Positive
KennyTM~
kennytm at gmail.com
Sun Oct 5 03:18:24 PDT 2008
Walter Bright wrote:
> Andrei Alexandrescu wrote:
>> About proliferation of types: I don't think that follows at all. Math
>> found positive numbers special enough to dedicate them a special
>> notation (|R with subscript "+"). There's also a special notation for
>> nonzero real numbers (|R with superscript "*"). There is no special
>> notation for any of the sets you mentioned. That is bound to mean
>> something.
>
> I'm not a math major. But in college I took 4 years of math, up through
> integration in the complex plane and branch cuts (which I never did
> properly understand <g>). Every engineering/physics class was a math
> class. I never saw this notation. I am not suggesting it doesn't exist,
> just that it became commonplace fairly recently, or that it isn't
> commonplace at least at the undergraduate level. This plays into the
> numbers issue you mentioned.
Probably they'd used (0, +∞) and [0, +∞) instead.
---
BTW, negative real numbers can also be indicated as ℝ⁻ (R^- if Unicode
is not supported).
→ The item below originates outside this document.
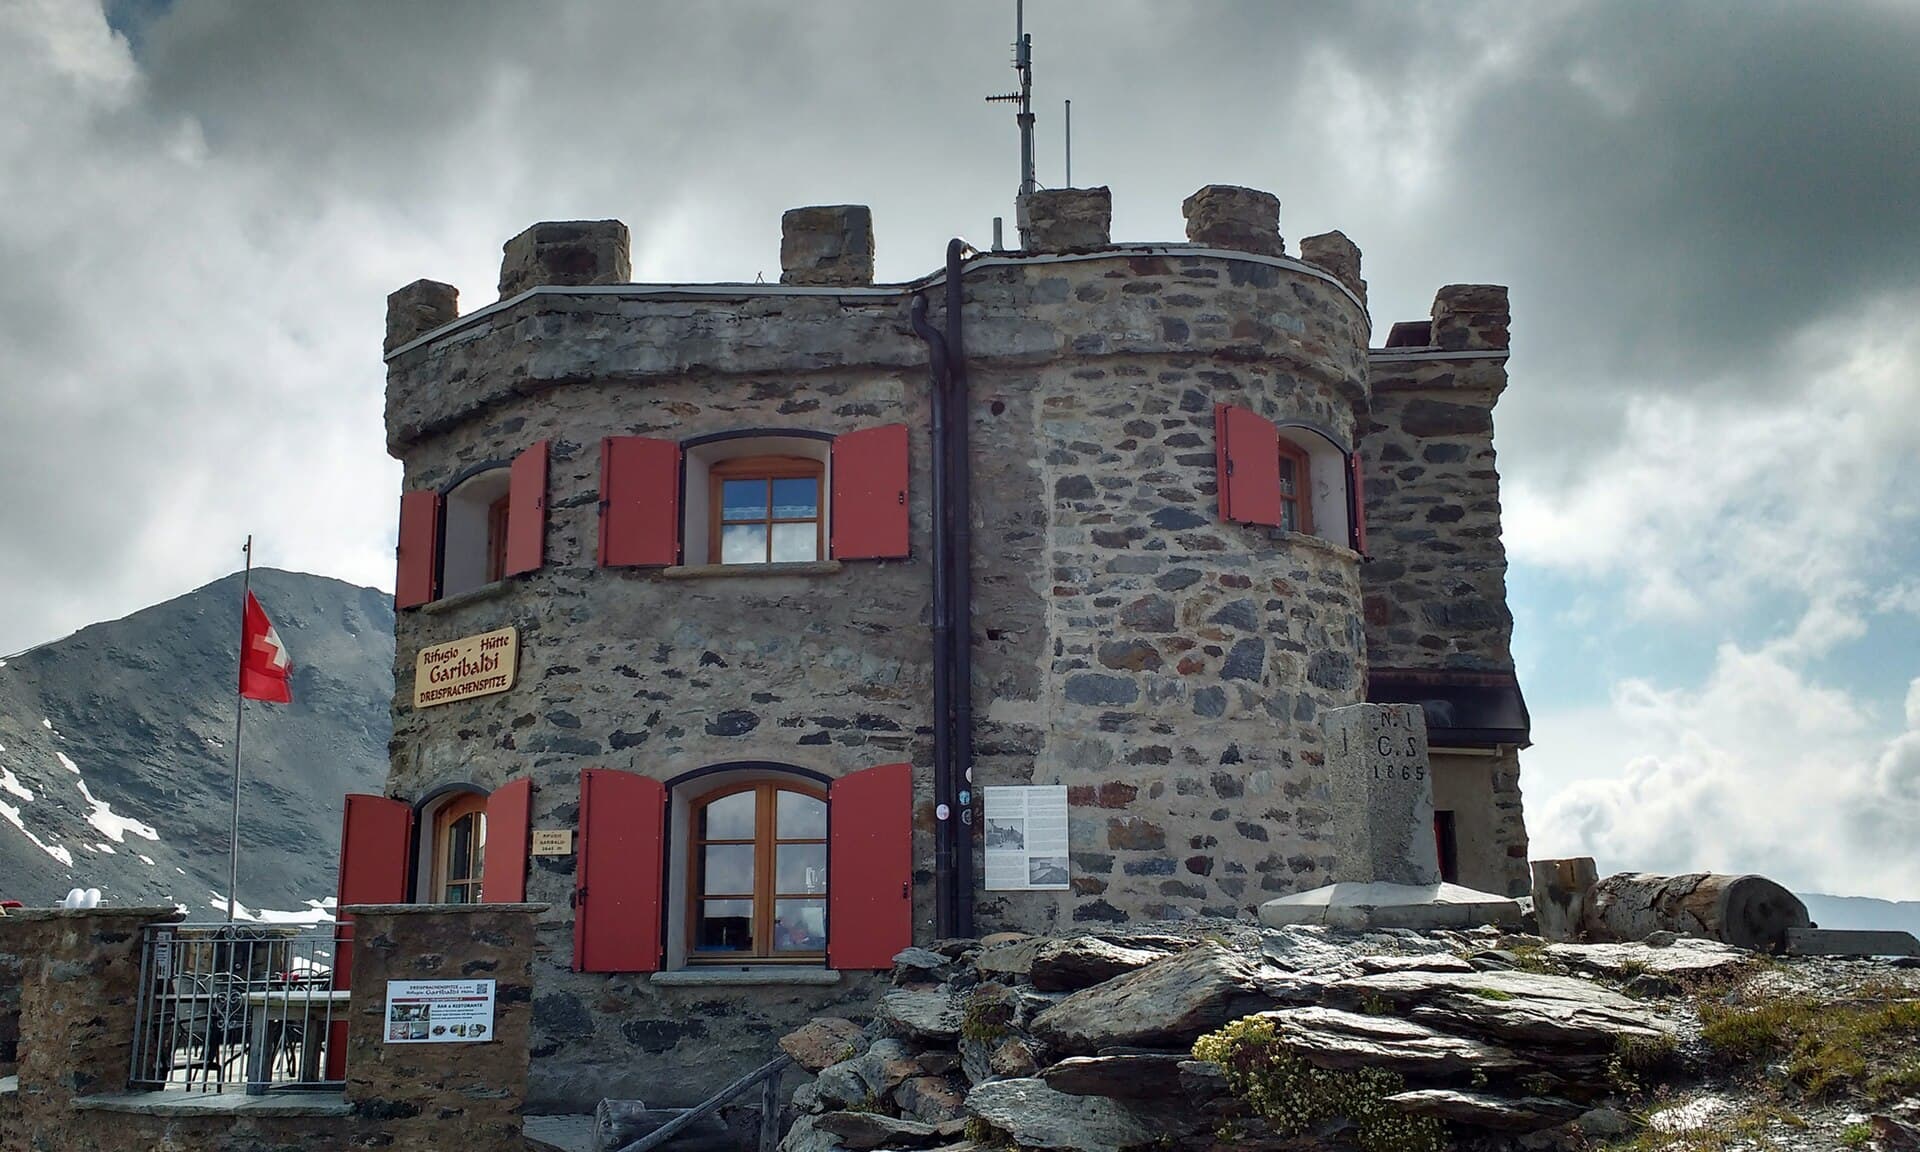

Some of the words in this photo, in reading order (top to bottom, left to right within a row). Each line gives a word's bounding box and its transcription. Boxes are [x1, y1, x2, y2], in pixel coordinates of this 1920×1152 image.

Is it now special enough to deserve a Negative!()
template? :p
I think these sign checking should be done through contracts or
"conditional template" (? whatever it's called; I haven't used one of
these yet) instead. Unless you can runtime check that
Positive!(double) x = 6;
Positive!(double) y = 12;
Positive!(double) z = void;
z = x - y; // raises error.
Positive!(double) w;
din.readf("%g", &w); // raises error if user enters negative number.
But I don't think uint, etc now even do these checks.